How about having your private parts poked and groped or,
perhaps, being photographed virtually nude is preferable. If you’re an airline
traveler you may already know the drill, maybe even first hand.

Airline travelers are faced with a choice, either get a dose
of heavy radiation from a backscatter X-ray machine that will render an almost
nude photograph or get a fondled frisk.

Maybe the Transportation Safety Administration should be
renamed the Office of Touching Sensitive Areas.

It’s all in the name of safety and security, of course.

According to www.tech-faq.com:
“Backscatter X-ray machines were built specifically for airport security.
Backscatter X-ray technology can strip off a person's clothing in the captured
image to show him or her practically naked. In the process, it will show any
contraband such as ceramic knives, liquid explosives or drugs that the person
was carrying but were previously undetectable by metal detectors or
conventional X-ray machines. The backscatter scanner can, therefore, see
through clothes and provide photo-quality views of its subject.”

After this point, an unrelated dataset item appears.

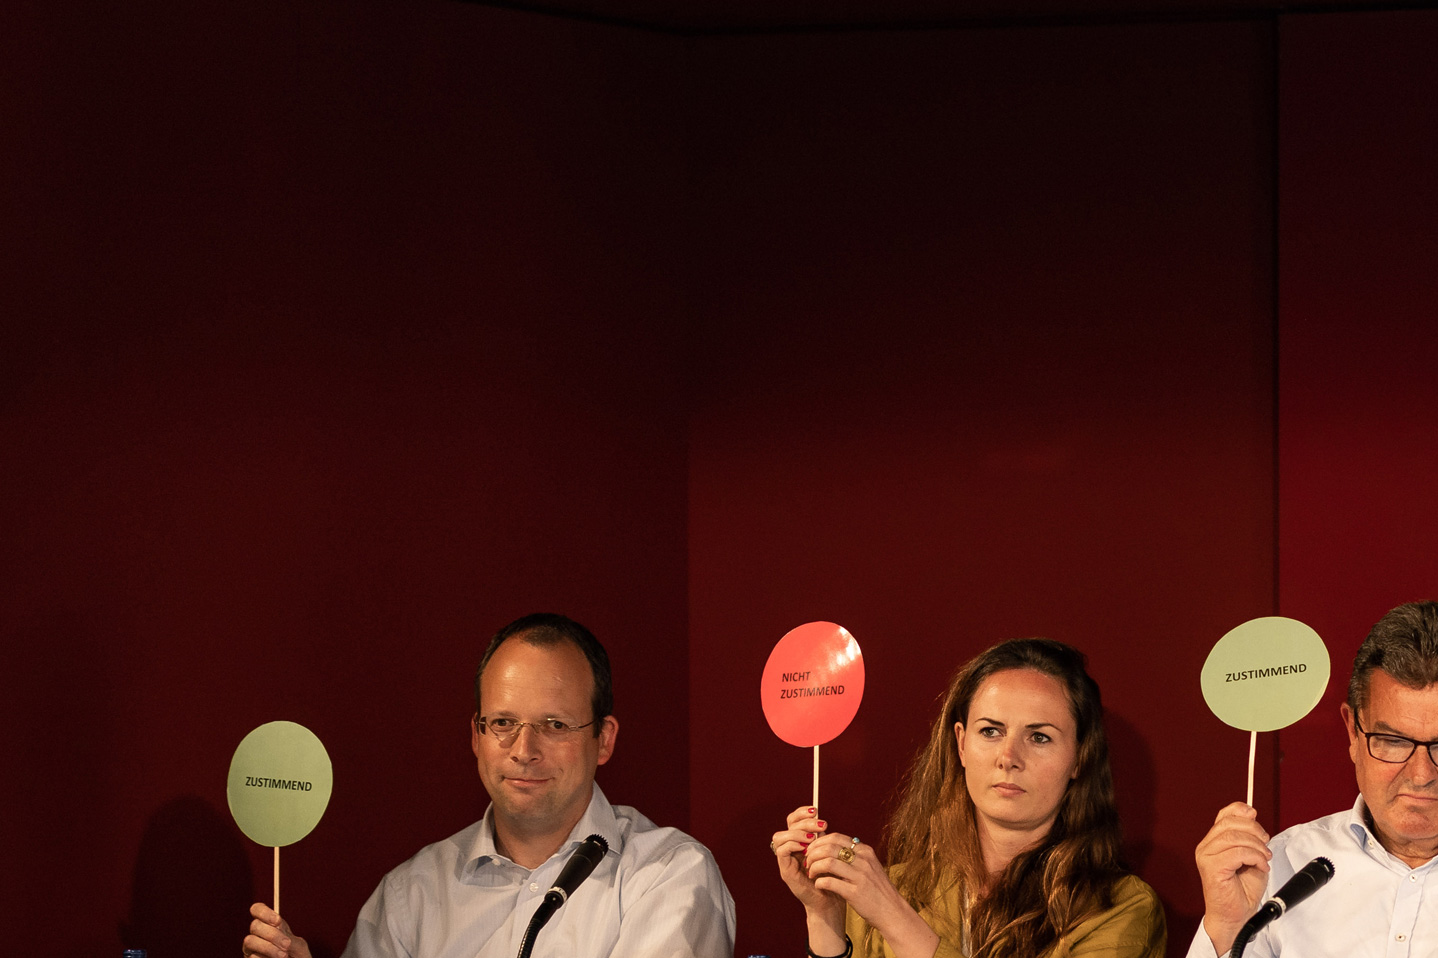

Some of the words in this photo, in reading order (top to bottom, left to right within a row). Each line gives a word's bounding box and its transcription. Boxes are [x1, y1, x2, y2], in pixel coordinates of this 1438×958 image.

It works because higher periodic table elements, such as
metals, absorb more photons and scatter less.

“It is this capability of backscatter machines to strip away
the outer clothing layers of a person which have (sic) created anxiety among
many civil liberties groups and concerned citizens who claim that such machines
will provide security people with a free peep show of airline passengers and
will thus constitute an invasion of privacy,” the site said.

There are lawsuits challenging the use of the machines on
the grounds of both privacy and safety (from radiation).

It’s also now being reported that many of the scans taken
have leaked out, meaning the images themselves got out into the public.

So far there are a reported 300 of the machines in use in
about 60 airports. The TSA wants another 500 in service by the end of the year.

No one is forced to go through the scanners, but those who
refuse get to learn first hand just how touchy-feely government can get—they
get a very personal pat down.

That leads to the case of John Tyner, a traveler who said no
to the scan and, when told the details of the pat down responded, “If you touch
my junk I’ll have you arrested.”

Mr. Tyner was told either to be scanned, get patted down or
to leave. He chose to leave and security personnel escorted him out of the
airport. Given the wisdom of the federal government, he’s now being charged
with leaving the airport.

Does anyone really believe the intrusiveness of government
will stop? How long will it take before the backscatter machines and groping
security agents will be at all government buildings, train and bus stations?
Will schools come next?

Benjamin Franklin has been quoted as saying: “Those who
would trade essential liberty for perceived security deserve neither security
or liberty.”

So if you
choose to fly and opt for either the scanner or the personal frisk, let’s hope
the operators don’t giggle. Those who don’t believe in privacy are already
snickering up their collective sleeves.